26 ЗА АДРЕНАЛИНОВОЙ ЧЕРТОЙ

Самое опасное – оказаться правым раньше времени.

Соломон Краткий


Кроликособаки снова показались за стеклом и уставились на нас. Я скорчил еще несколько гримас. Постепенно они потеряли интерес к игре и занялись вертолетом.

Слышно было, как они ползают по крыше и скребутся в иллюминаторы.

– Пойду погляжу, чем они там занимаются.

Взяв камеру, я отправился в хвост, но по пути остановился и заглянул в верхний фонарь. Оттуда на меня смотрела одна из симпатяг. Я в шутку помахал ей рукой – она ответила тем же. Я задернул шторки на случай, если Дьюк проснется.

Потом я выглянул в самодельное окошко в люке. Боже! Я прижал камеру к стеклу и начал снимать. Кроликособаки окружили мертвого червя! Лед на его шерсти уже растаял, и теперь он напоминал бесформенный пудинг.

Кроликособаки ползали по нему, недоуменно толкая мертвеца и что-то при этом чирикая. Казалось, они хотели разбудить его. Один из зверьков даже заглянул ему в пасть.

Послышался голос Лиз:

– Эй, Маккарти! Идите сюда скорее.

– Подождите…

– Я не шучу! Вам лучше прийти.

Она оказалась права. Снаружи что-то происходило. Кроликособаки неожиданно скатились с мертвого червя и бросились к носу вертолета. Я бегом вернулся на место.

– Вон там. Смотрите. Кажется, они прислушиваются. Лиз не ошиблась. Маленькие толстенькие существа застыли. Они внимательно слушали, склонив головы набок, – ждали.

Далеко в темноте кто-то пробирался через пыль, клубящуюся в лучах наших прожекторов… У меня замерло сердце. Так оно и есть! Через гребень холма перевалил первый хторр и по сугробам двинулся вниз. За ним появился второй, потом третий. На их спинах ехали кроли-кособаки. Лиз подняла камеру.

– Ну, вот вы и накликали червей, – сказала она. – Только немного не угадали сроки.

Из-за холма ползли и ползли черви. Я проглотил слюну. «Все гуляли, веселились, подсчитали – прослезились».

Лиз снимала крупный план.

– Я вижу шесть червей. Семь. Восемь… Нет, десять, одиннадцать…

Четырнадцать.

Они были разные: самый маленький не больше пони, самый большой – с автобус. Они прощупывали окрестность большими черными, как у детских игрушек, глазами и упирались взглядом в вертушку.

Уже виднелась их окраска: ярко-красная и оранжевая с пурпурными полосами, припорошенными розовой пудрой.

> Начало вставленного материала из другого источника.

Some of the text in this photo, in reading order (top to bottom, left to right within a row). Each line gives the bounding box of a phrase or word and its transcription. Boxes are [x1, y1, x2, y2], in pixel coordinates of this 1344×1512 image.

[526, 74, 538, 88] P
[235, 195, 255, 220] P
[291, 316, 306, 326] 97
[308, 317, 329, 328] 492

За хторрами тянулись шлейфы клубящейся пыли, а сами они сверкали, как разукрашенная новогодняя елка.

– Язык не поворачивается назвать их прекрасными, – прошептала Лиз.

Она была права. Черви вселяли ужас и одновременно завораживали. Каждый червь – цветовая соната. Казалось, полосы перемещались по телу. Если у них и было что-то общее в окраске, то я этого не заметил.

Мы наблюдали уникальное, никем прежде не виданное зрелище – хторран в естественной обстановке, да еще так близко. Чудовища напоминали толстые короткие сигары, горб в передней части тела придавал им сходство с носовой частью старого «Боинга-747». Там размещался мозговой сегмент – толстая костяная камера, защищающая серое вещество животного (или какого там оно цвета – скорее всего, красного). От горба отходили своеобразные двусуставчатые руки чудовищ. Обычно они покоились, скрещенные на мозговом сегменте. Червь пускал их в ход только для того, чтобы схватить что-нибудь.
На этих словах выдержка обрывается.